UN BESO DE LA VIRGEN

 


 

 

 

 

 

ME CURÉ MILAGROSAMENTE
CON EL AGUA DE LA GRUTA DE MASSABIELLE, LOURDES

Ha dicho el Papa Juan Pablo II recordando su peregrinación a Lourdes en l983: "Donde está la Virgen presente, allí abunda la gracia y allí se registra la curación del hombre: curación en el cuerpo y en el espíritu".
De estas palabras del Papa nos da testimonio ERNEST JUNQUÉ TORT, al que devolvió la vida la Virgen María en sus tiernos años. Reproducimos sus palabras trasmitidas en una conversación con nuestro Consiliario.

 

Era el mes de julio de l963, cuando contaba yo solamente siete meses. De repente se me presentaron los terribles síntomas de una enfermedad que parecía desconocida. Luego se diagnosticaría como leucemia. ¡Dios mío, leucemia a mis siete meses! Entre tanto la medicación nada conseguía en mi pequeño y débil cuerpo. El mal avanzaba. Cada vez estaba peor. Finalmente al comprobar que los tratamientos médicos nada conseguían para detener el avance del mal, el Dr. Pedrerol, muy buen médico pediatra de Vilafranca, que llevaba mi caso, les dijo a mis padres que hicieran el esfuerzo de llevarme a Barcelona, para que las eminencias del Hospital Clínico de aquella ciudad tal vez encontraran una solución a mi enfermedad y recobrara la salud.
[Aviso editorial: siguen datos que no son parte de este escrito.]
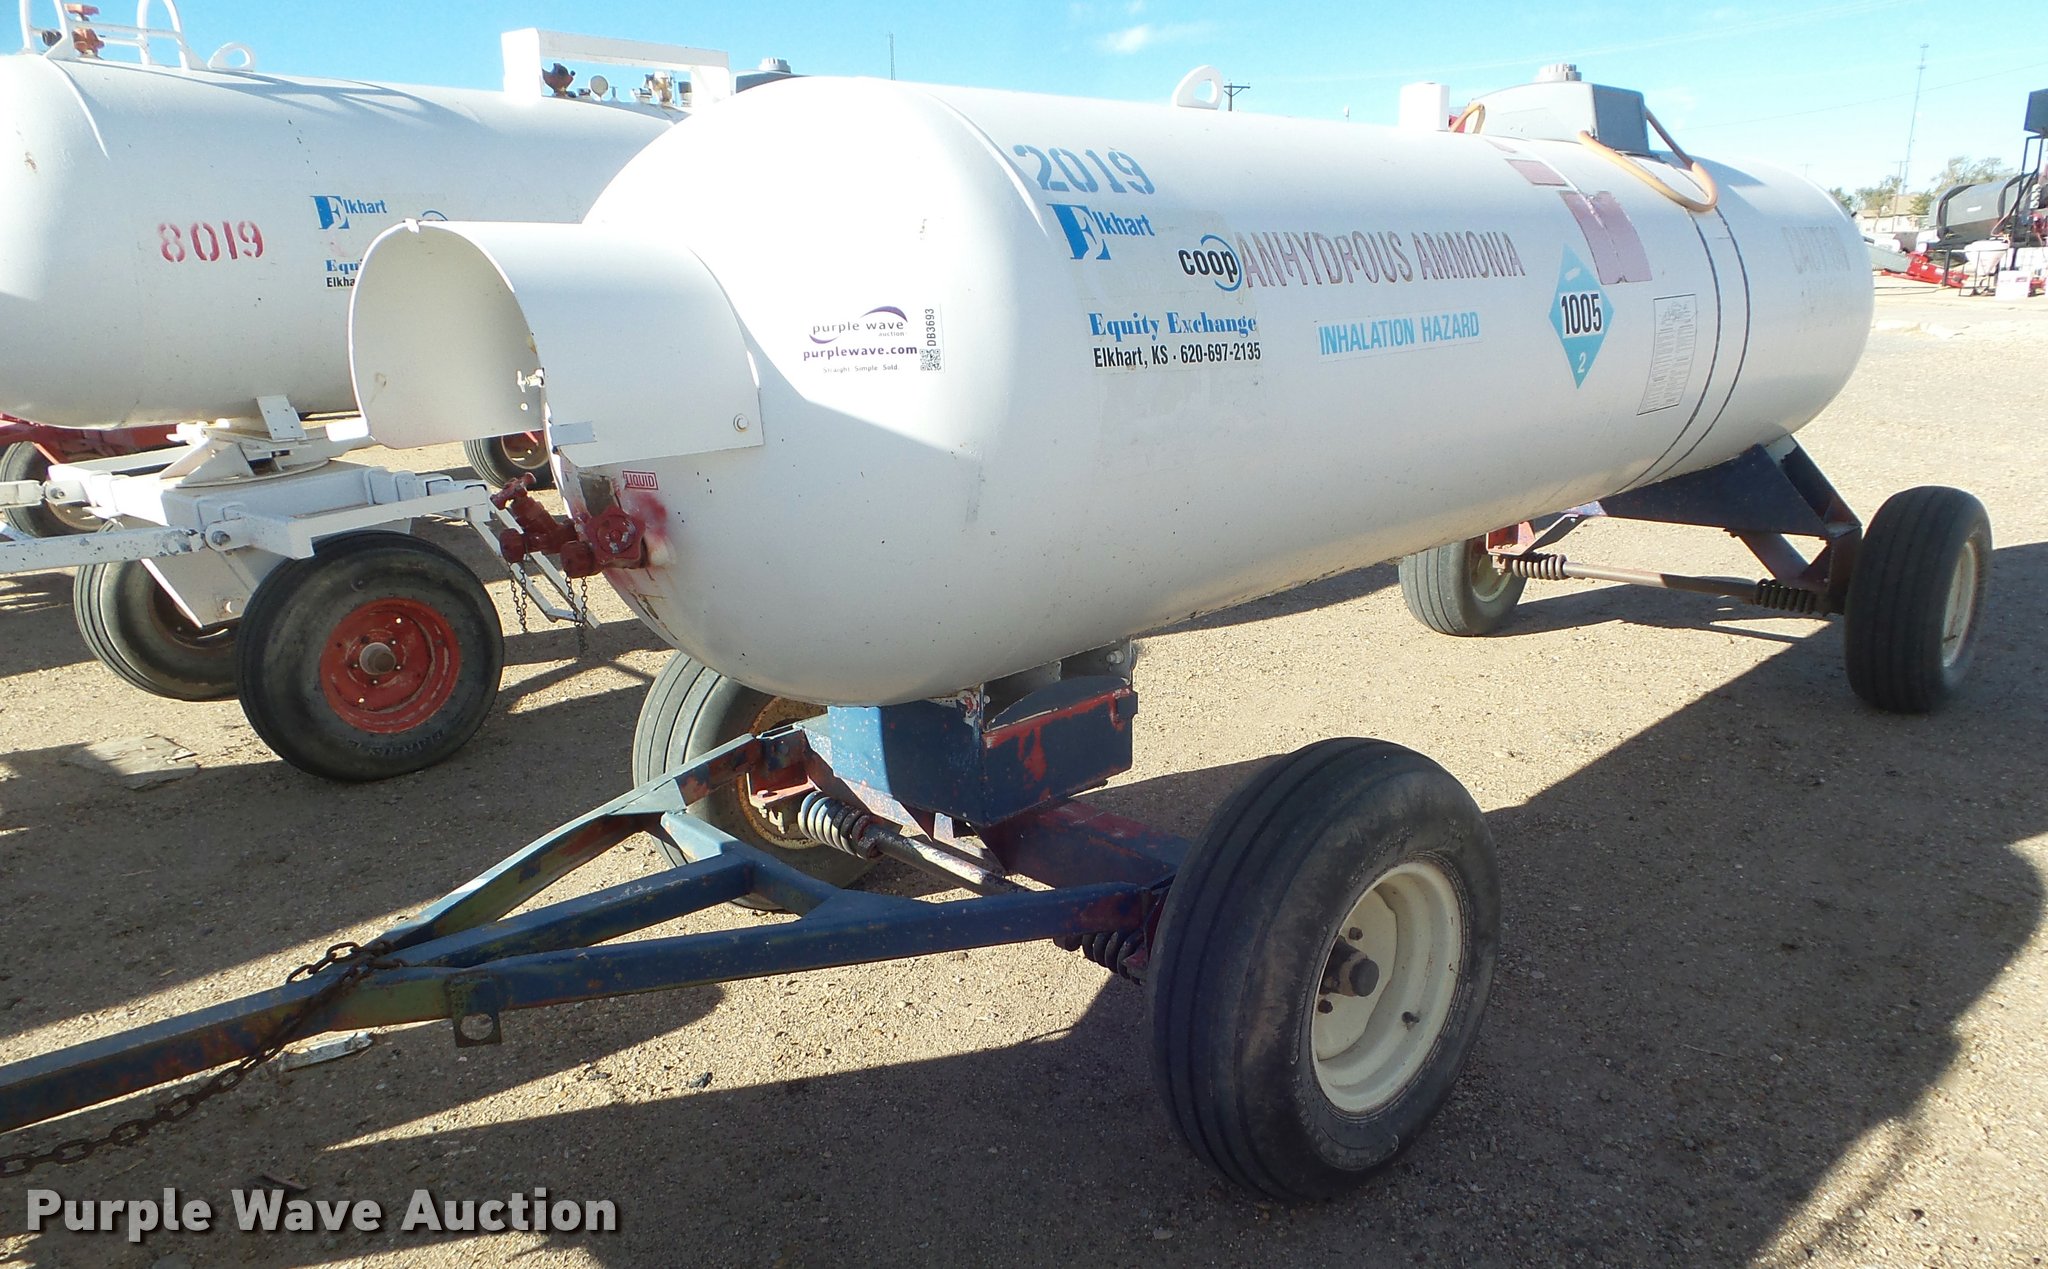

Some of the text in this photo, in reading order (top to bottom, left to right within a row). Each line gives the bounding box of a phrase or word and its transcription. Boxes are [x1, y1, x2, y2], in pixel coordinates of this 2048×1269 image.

[1013, 144, 1156, 195] 2019
[310, 195, 388, 230] Elkhart
[157, 219, 265, 263] 8019
[1046, 202, 1156, 261] Elkhart
[1411, 230, 1526, 280] AMMONIA
[812, 320, 905, 335] purple wave
[924, 307, 937, 347] DB3693
[1087, 310, 1259, 343] Equity Exchange
[1560, 292, 1602, 336] 1005
[1318, 311, 1480, 356] INHALATION HAZARD
[803, 345, 918, 362] purplewave.com
[1093, 347, 1149, 369] Elkhart,
[1151, 345, 1169, 366] KS
[1180, 341, 1262, 364] 620-697-2135
[1577, 351, 1587, 375] 2
[624, 473, 655, 487] LIQUID
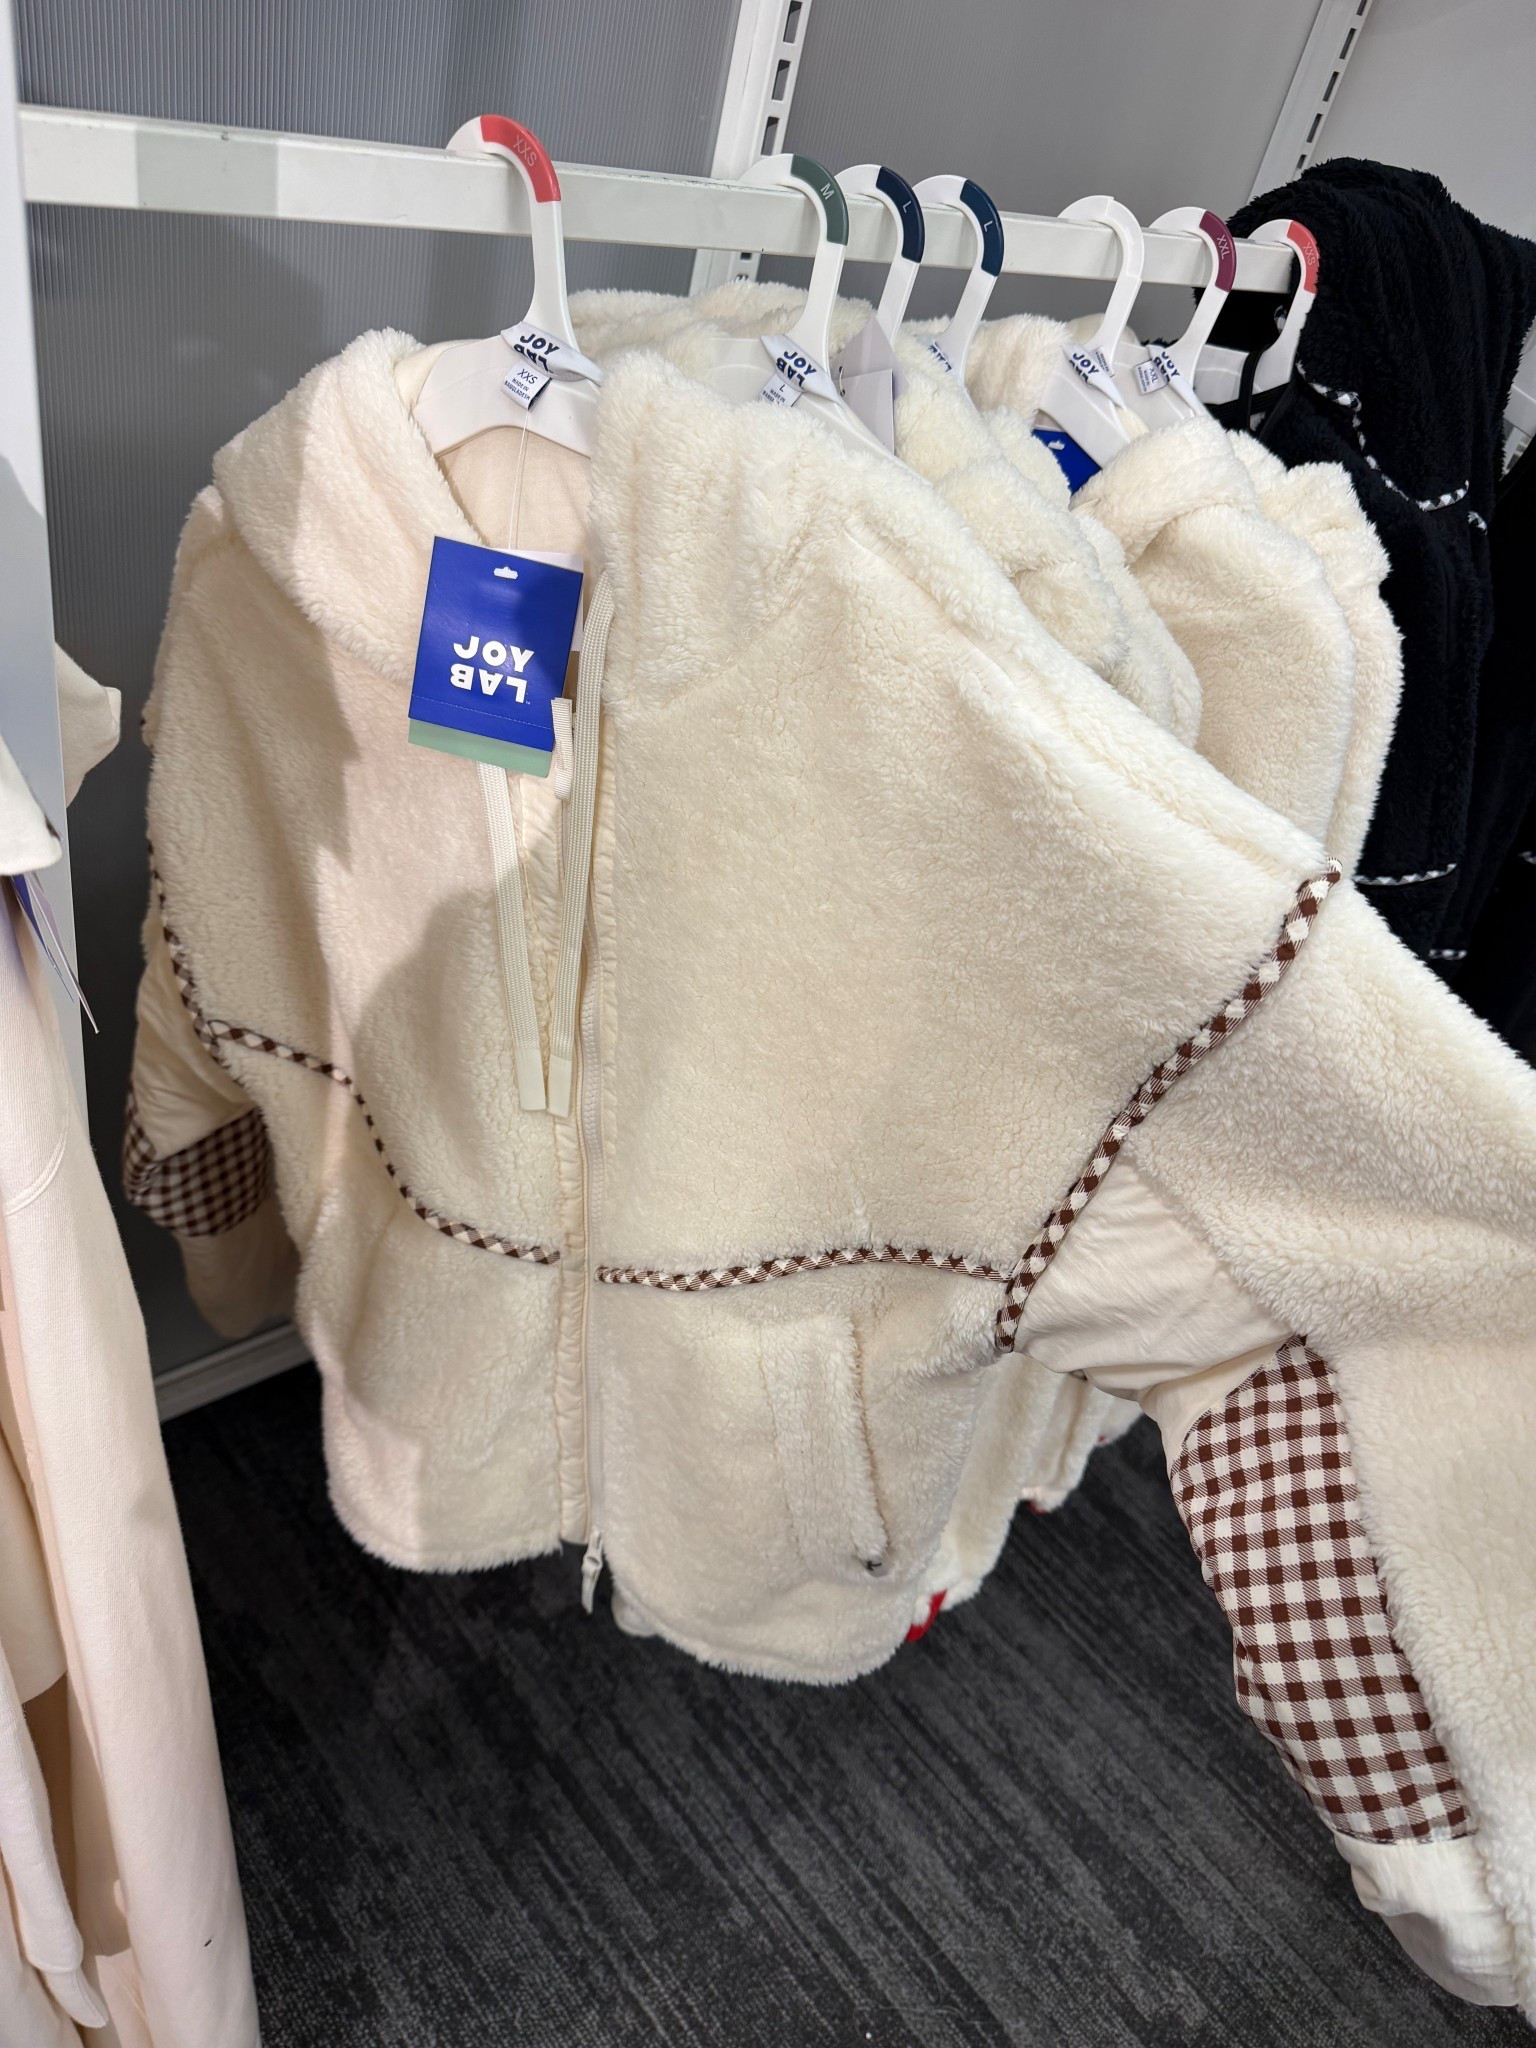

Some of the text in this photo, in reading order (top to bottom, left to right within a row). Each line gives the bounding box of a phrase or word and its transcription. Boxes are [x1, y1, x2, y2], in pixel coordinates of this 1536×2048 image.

Trasladado urgentemente al Clínico de Barcelona, comenzaron los doctores de aquel centro una larga serie de pruebas para dictar seguros qué enfermedad tenía y el proceso necesario para mi curación. Los resultados fueron fatales. No había posibilidad alguna de curación. Efectivamente la leucemia me consumía. Cada día que pasaba en el Hospital Clínico se arruinaba más mi pequeño organismo de siete meses. Mis padres,

que eran y son unos modestos agricultores –mi padre pastor, que conoce todos los caminos de la montaña y aun del llano de Tarragona– y que nunca se habían visto en un problema semejante pasaron unos días de angustia. ¡Cuánto debo a la bondad de mis padres y a su sacrificio! El caso es que tenían que vivir en Barcelona a mi lado, y entrar en unos gastos muy superiores a lo que ellos podían. Ahora comprendo lo que son los padres con los hijos antes de que tengamos conocimiento. Siguieron las pruebas y al final le dijeron claramente a mi padre, que no había remedio humano y que necesariamente moriría en pocas horas. Parecía un pequeño cadáver como esos que se ven hoy de los pobres países donde se mueren niños de pura hambre. Mi pobre cuerpo –me dicen mis padres– tenía solamente un hilo de vida. Los médicos aconsejaron a mis padres que ya no se movieran de Barcelona y que si querían llevarme a enterrar a mi pueblo, que podrían hacerlo a las pocas horas. Viajar en este estado era obligarme a morir en el viaje de regreso. Yo, Ernesto, me moría sin remisión a mis siete meses de vida.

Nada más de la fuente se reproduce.